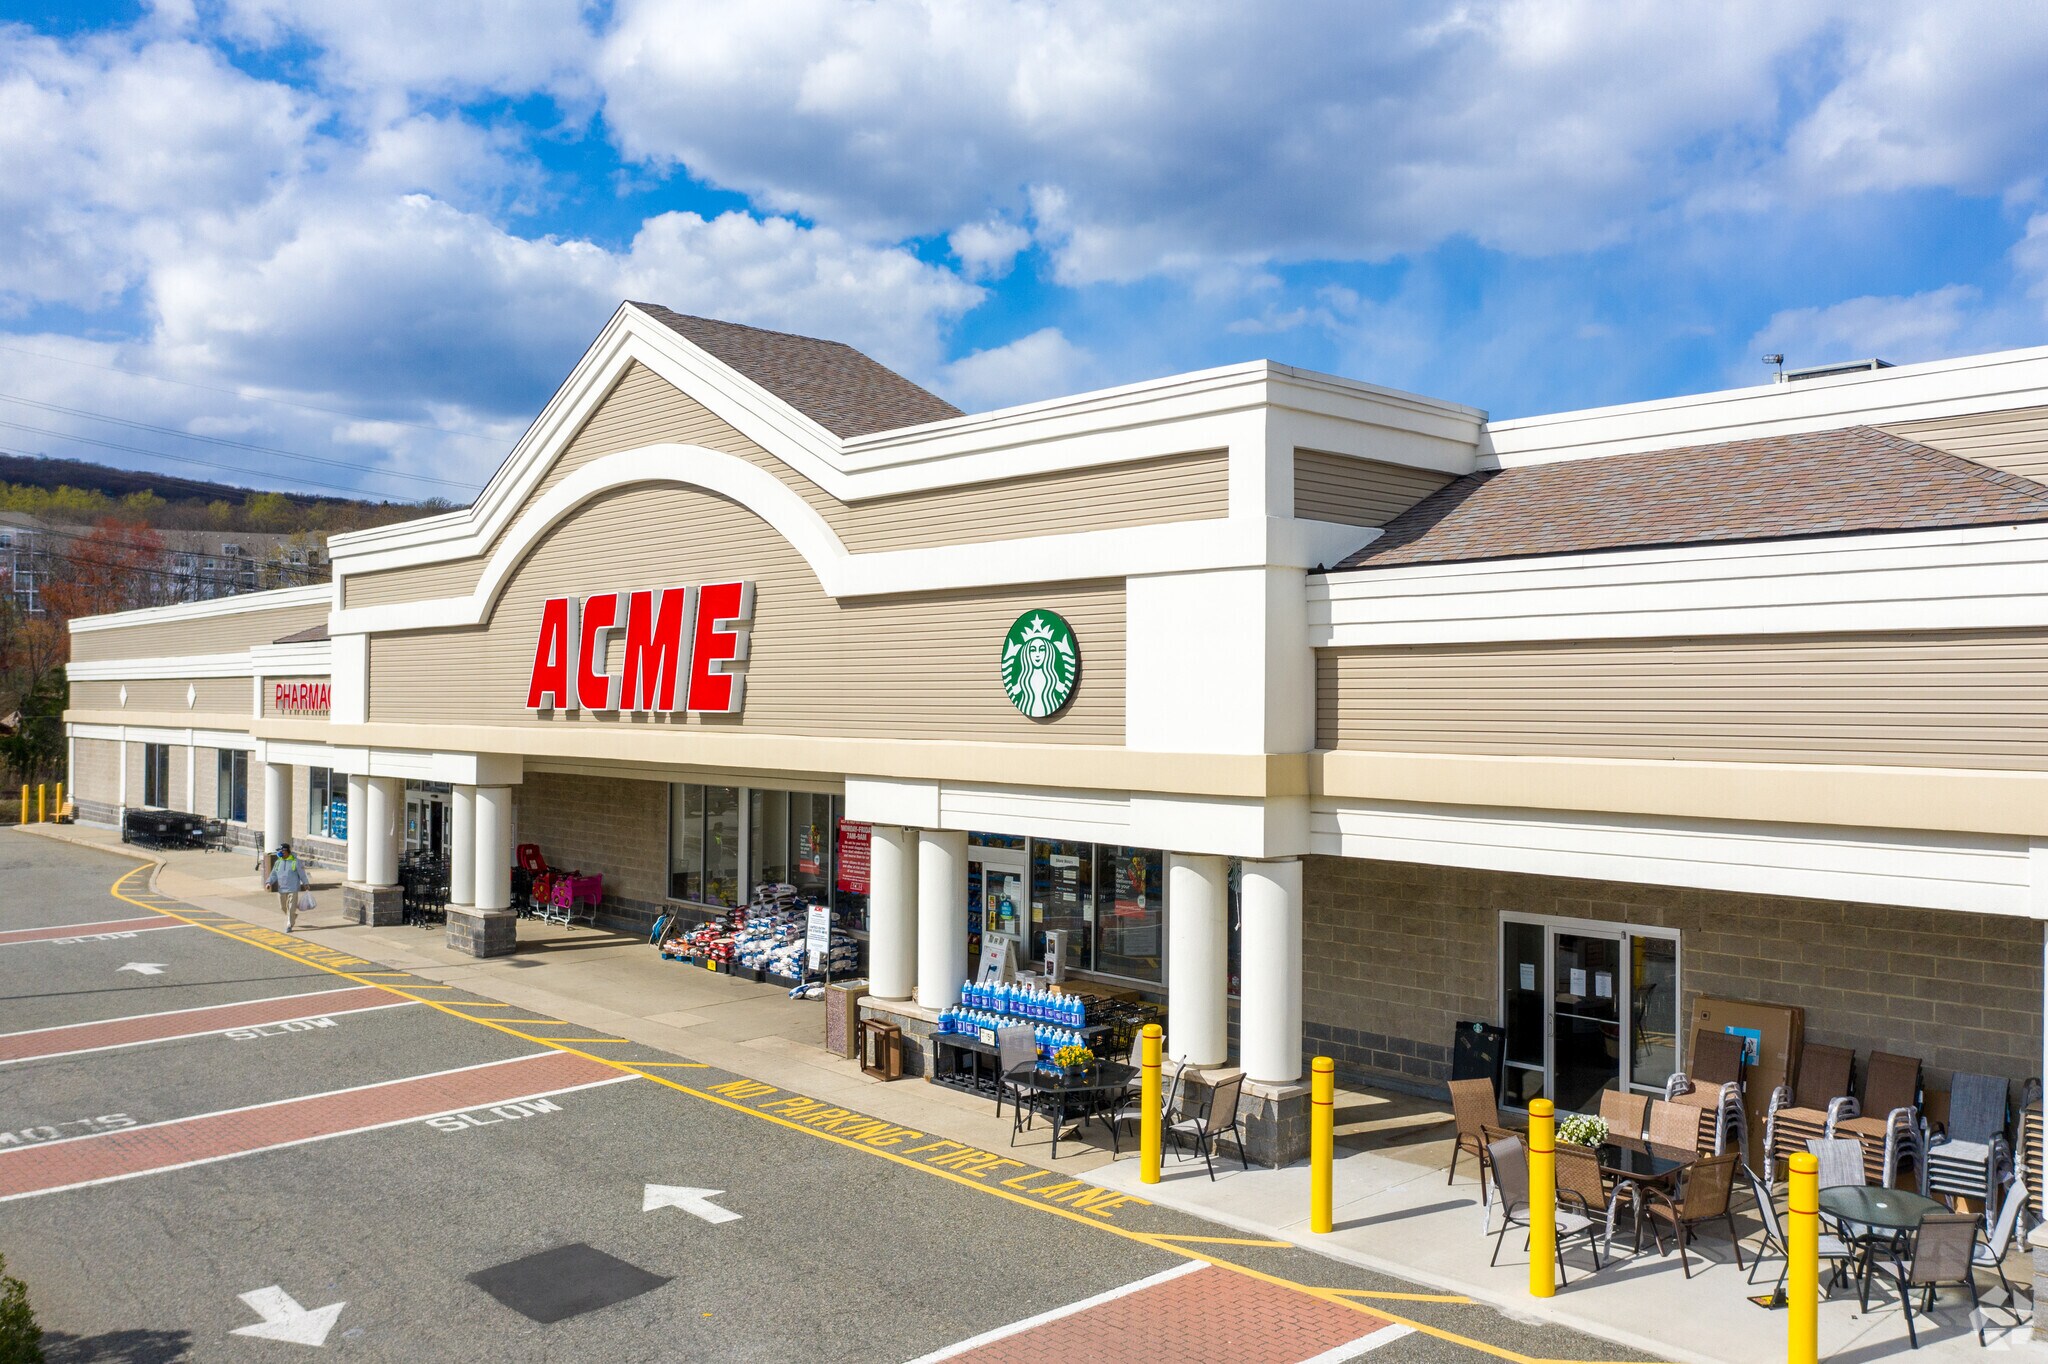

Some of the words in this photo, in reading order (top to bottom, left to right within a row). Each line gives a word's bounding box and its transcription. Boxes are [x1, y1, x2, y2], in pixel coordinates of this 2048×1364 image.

[526, 581, 755, 713] ACME
[224, 1017, 339, 1041] SLOW
[425, 1099, 564, 1132] SLOW
[706, 1079, 778, 1099] NO
[757, 1096, 924, 1147] PARKING
[901, 1139, 1026, 1178] FIRE
[1000, 1170, 1154, 1218] LANE
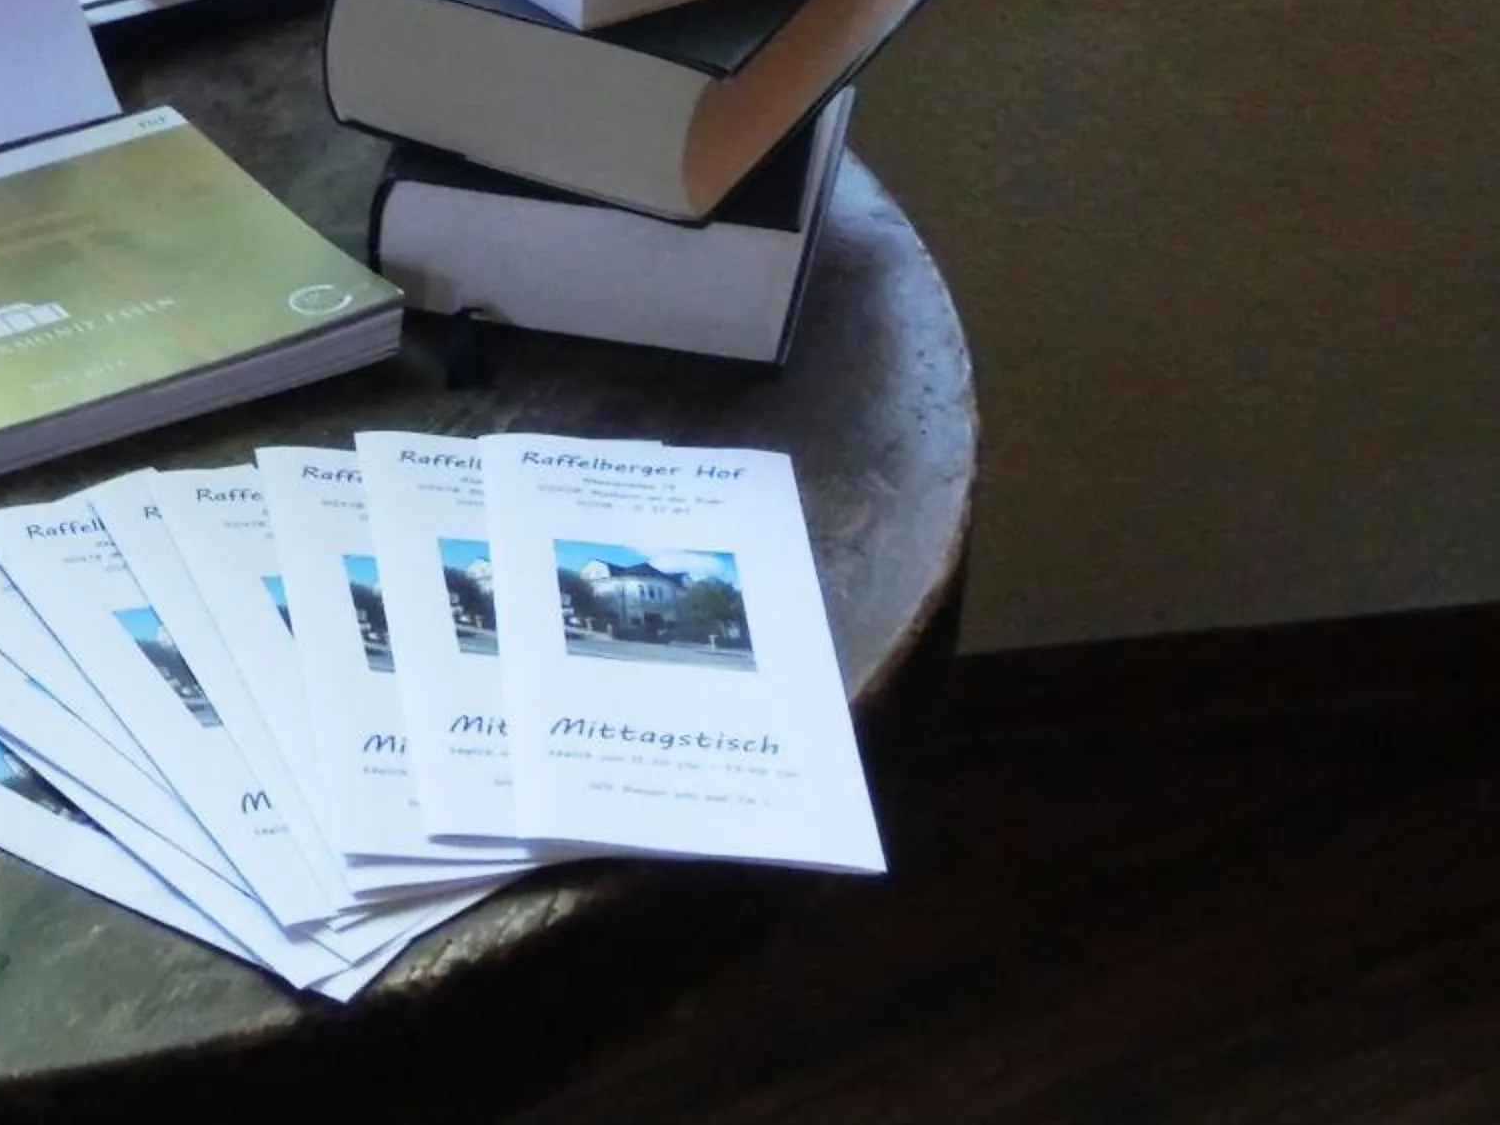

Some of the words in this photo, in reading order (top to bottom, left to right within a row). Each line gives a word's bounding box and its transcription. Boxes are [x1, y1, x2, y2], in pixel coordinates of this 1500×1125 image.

[521, 451, 682, 476] Raffelberger
[695, 465, 748, 480] Hof
[549, 716, 781, 756] Mittagstisch
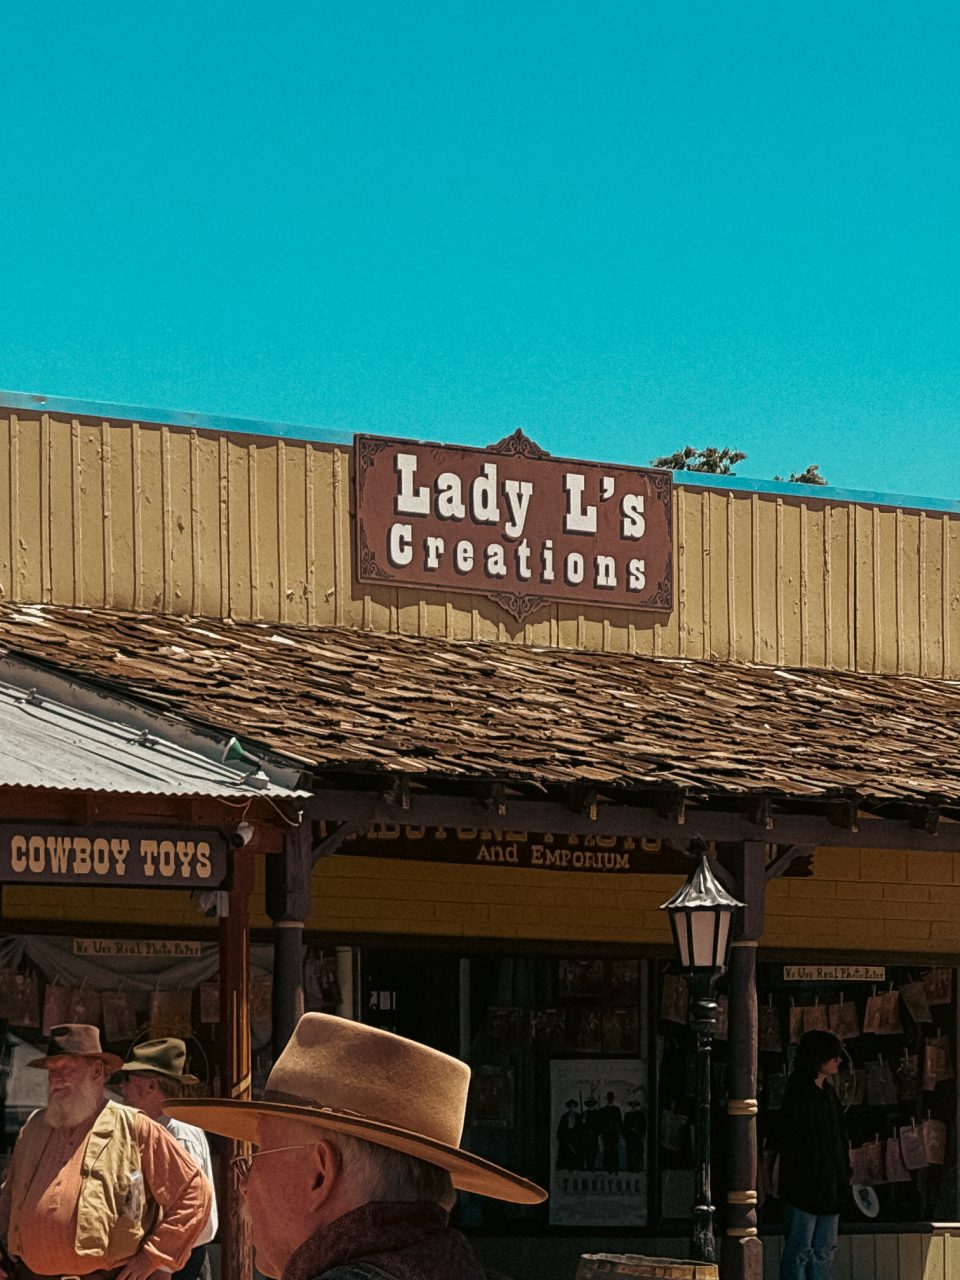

⁂

Before copying, set the pictures aside; then give the records again exactly.

Some of the words in this photo, in reading order (top to bottom, left to right within a row). Each line gives a word's bounding box and its transcription. Boxes are [x1, y1, x2, y2], in pixel coordinates of this 2048×1364 image.

[526, 581, 755, 713] ACME
[224, 1017, 339, 1041] SLOW
[425, 1099, 564, 1132] SLOW
[706, 1079, 778, 1099] NO
[757, 1096, 924, 1147] PARKING
[901, 1139, 1026, 1178] FIRE
[1000, 1170, 1154, 1218] LANE

Some of the words in this photo, in reading order (top to bottom, left to right within a row). Each line gives a word's bounding box and its transcription. Boxes are [x1, y1, x2, y2], in pixel coordinates of this 1500×1125 image.

[521, 451, 682, 476] Raffelberger
[695, 465, 748, 480] Hof
[549, 716, 781, 756] Mittagstisch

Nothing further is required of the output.